The Narcosphere Reports: US Troops May Now Be Coping with Fast and Furious Fallout

A covert law enforcement operation allowed thousands of weapons to flow into the hands of the powerful Mexican Sinaloa narco-trafficking organization.

US 7th Special Forces during training exercises
File photo of US 7th Special Forces during training exercises. File photo courtesy: The Narcosphere

(COLUMBUS, NM.) - U.S. troops deployed to the US/Mexican border last week may well be there, in part, to deal with the blowback from ATF's botched Fast and Furious gambit.

Veteran border reporter Diana Washington Valdez of The El Paso Times reported late last week that “active-duty soldiers” from Fort Bliss, just north of El Paso, Texas, have been deployed to support the US Border Patrol in the Arizona and New Mexico border region.

Tosh Plumlee, a longtime CIA operative, who has been actively monitoring the New Mexico border region for years, also confirms that at least a half dozen “government vans” packed with US soldiers were spotted in recent days on a highway leading into Columbus, N.M., which is just across the border (some 3 miles) from Palomas, Mexico — a hotbed of narco- and weapons- trafficking activity in recent years.

Plumlee says the deployment is likely part of an ongoing joint Mexican and US military task-force operation that has been active since at least 2009. Narco News reported on some of the activities of that joint op in mid-2010, including the fact that small teams of US special operations soldiers were active on the Mexican side of the border, imbedded with the Mexican military.

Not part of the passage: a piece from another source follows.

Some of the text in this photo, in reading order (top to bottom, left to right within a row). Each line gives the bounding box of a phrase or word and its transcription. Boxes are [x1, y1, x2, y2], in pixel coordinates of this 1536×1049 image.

However, neither Plumlee, nor The El Paso Times report, shed any definitive light on the precise nature of the recent US troop deployment along the border, specifically in the Columbus area. Plumlee has told Narco News previously, though, that there have been numerous reports of suspected weapons stashes concealed in the desolate moon-like landscape surrounding Columbus and Palomas — near landmarks such as Guzman Lookout Mountain and Coyote Hill to the east of Columbus.

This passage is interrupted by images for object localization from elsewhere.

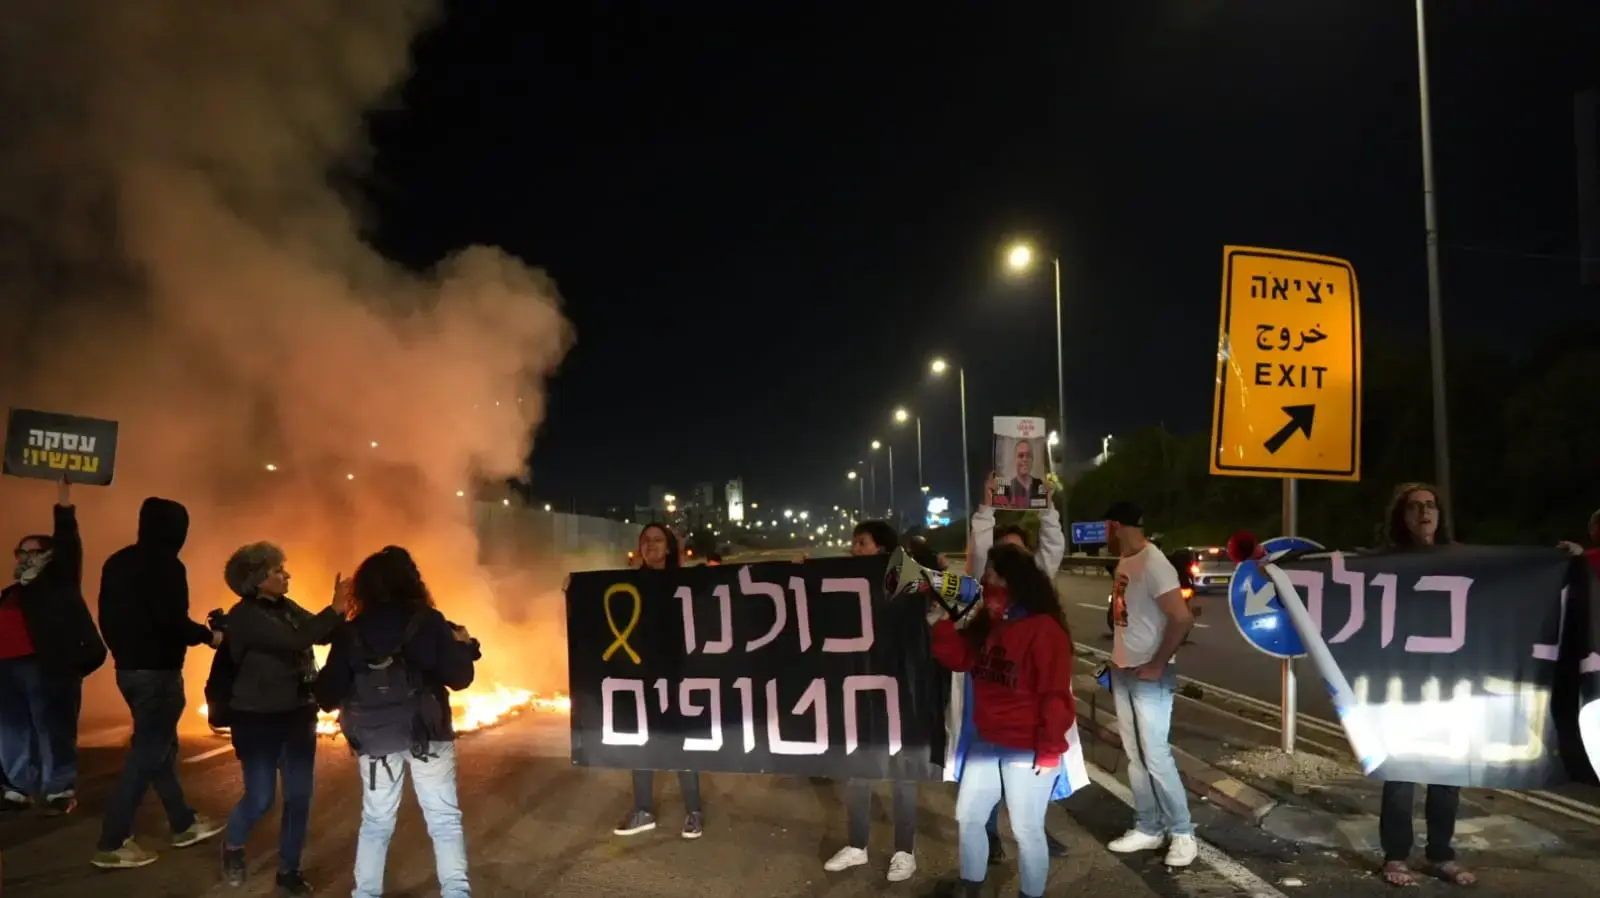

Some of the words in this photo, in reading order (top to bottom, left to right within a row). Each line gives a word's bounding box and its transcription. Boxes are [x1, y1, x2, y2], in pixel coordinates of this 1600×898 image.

[1251, 275, 1334, 304] יציאה
[1256, 323, 1328, 351] خروج
[1255, 363, 1328, 389] EXIT
[28, 429, 96, 453] עסקה
[22, 448, 99, 472] עכשיו!
[673, 565, 875, 654] כולנו
[601, 675, 902, 756] חטופים

In fact, several days ago, on the evening of Feb. 16, Plumlee says he was traveling along the border near Columbus when he came across the echoes of a firefight playing out just across the border. It’s not clear, Plumlee adds, who was engaged in that shootout, but it is certain, he says, that there were live rounds ripping through the air. He tape-recorded his experience that evening, providing the play-by-play of the action — a recording that can be found at this link.

[It’s a low-quality tape with a lot of static and background noise so you have to listen carefully to pick up Plumlee’s voice and the gunshot echoes.]

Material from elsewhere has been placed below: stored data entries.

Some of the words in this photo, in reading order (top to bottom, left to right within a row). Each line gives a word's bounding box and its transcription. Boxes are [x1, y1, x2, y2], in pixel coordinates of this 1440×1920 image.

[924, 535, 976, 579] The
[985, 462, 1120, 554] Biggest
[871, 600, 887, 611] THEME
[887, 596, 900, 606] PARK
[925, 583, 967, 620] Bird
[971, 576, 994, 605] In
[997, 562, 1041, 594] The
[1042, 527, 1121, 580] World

“All Along the Watchtower”

The covert law enforcement operation known as Fast and Furious allowed thousands of weapons to flow across the borders of Arizona and New Mexico and into the hands of the powerful Mexican Sinaloa narco-trafficking organization, which has been engaged in a bloody turf war with the Vicente Carrillo Fuentes (VCF) Juarez drug organization for control of a long-running, lucrative drug-and-arms smuggling route that cuts a dangerous path through the same badlands that border the Mexican town of Palomas and its USA sister city, Columbus.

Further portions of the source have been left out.